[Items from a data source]

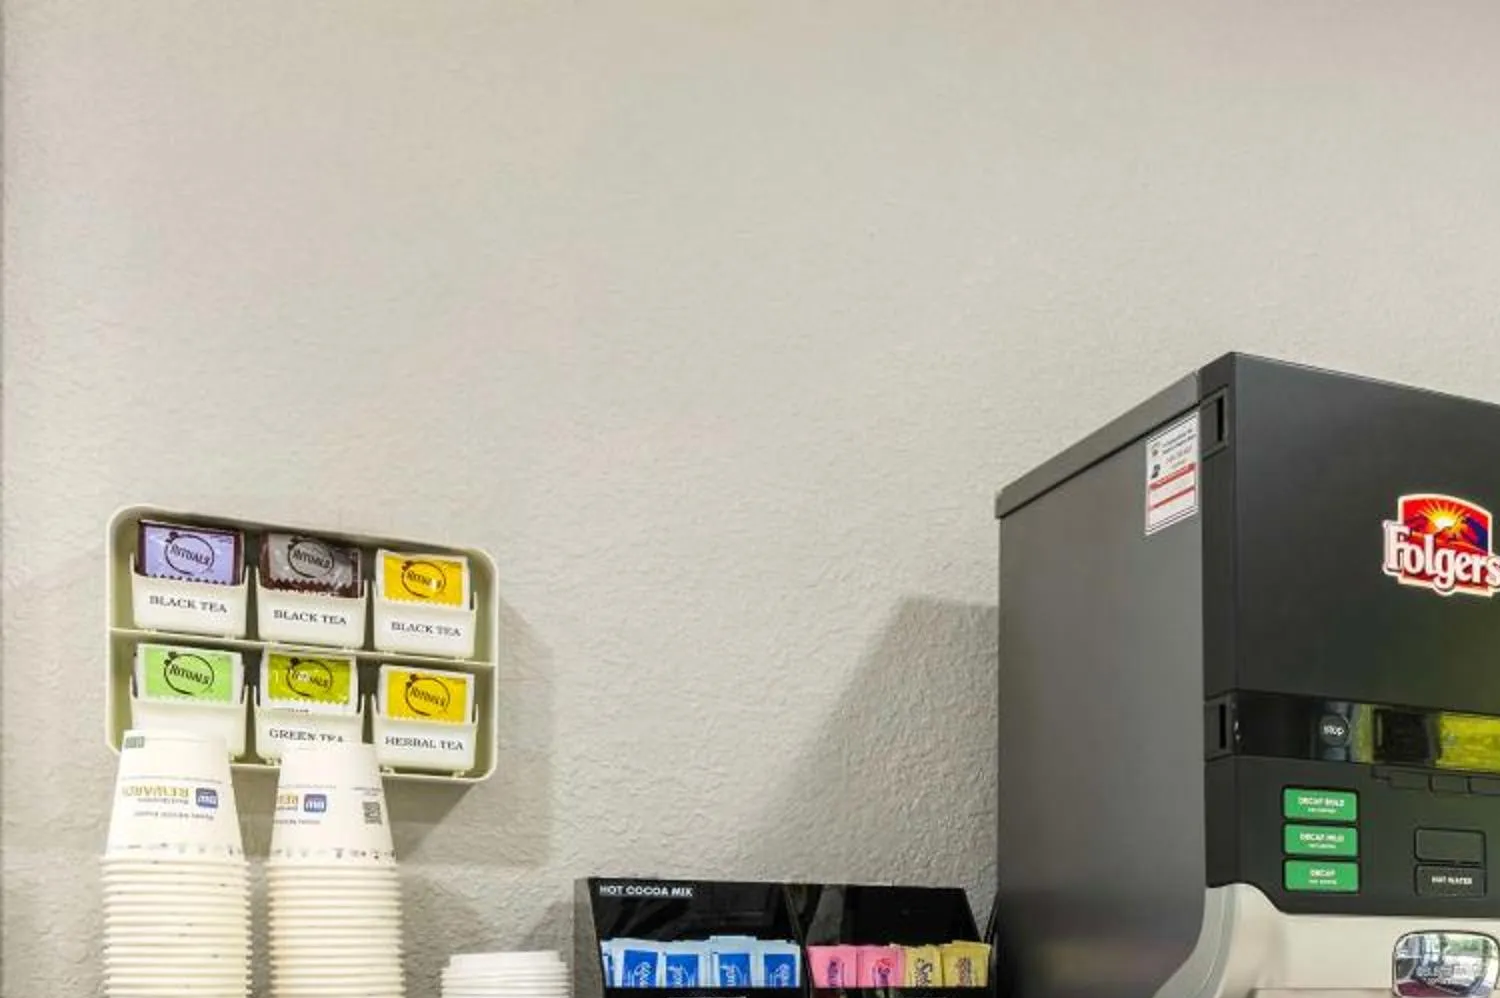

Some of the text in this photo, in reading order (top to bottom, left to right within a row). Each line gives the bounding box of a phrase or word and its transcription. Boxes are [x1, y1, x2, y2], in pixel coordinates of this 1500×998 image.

[149, 595, 228, 615] BLACK TEA
[273, 609, 348, 626] BLACK TEA
[391, 620, 462, 637] BLACK TEA
[268, 727, 317, 743] GREEN
[385, 736, 464, 752] HERBAL TEA
[600, 885, 693, 898] HOT COCOA MIX

• What the exercise asks:
Return each entry exactly as given. Leave the images out.

• Answer to this exercise:
Some of the text in this photo, in reading order (top to bottom, left to right within a row). Each line gives the bounding box of a phrase or word and its transcription. Boxes are [x1, y1, x2, y2], in pixel coordinates of this 1500×998 image.

[149, 595, 228, 615] BLACK TEA
[273, 609, 348, 626] BLACK TEA
[391, 620, 462, 637] BLACK TEA
[268, 727, 317, 743] GREEN
[385, 736, 464, 752] HERBAL TEA
[600, 885, 693, 898] HOT COCOA MIX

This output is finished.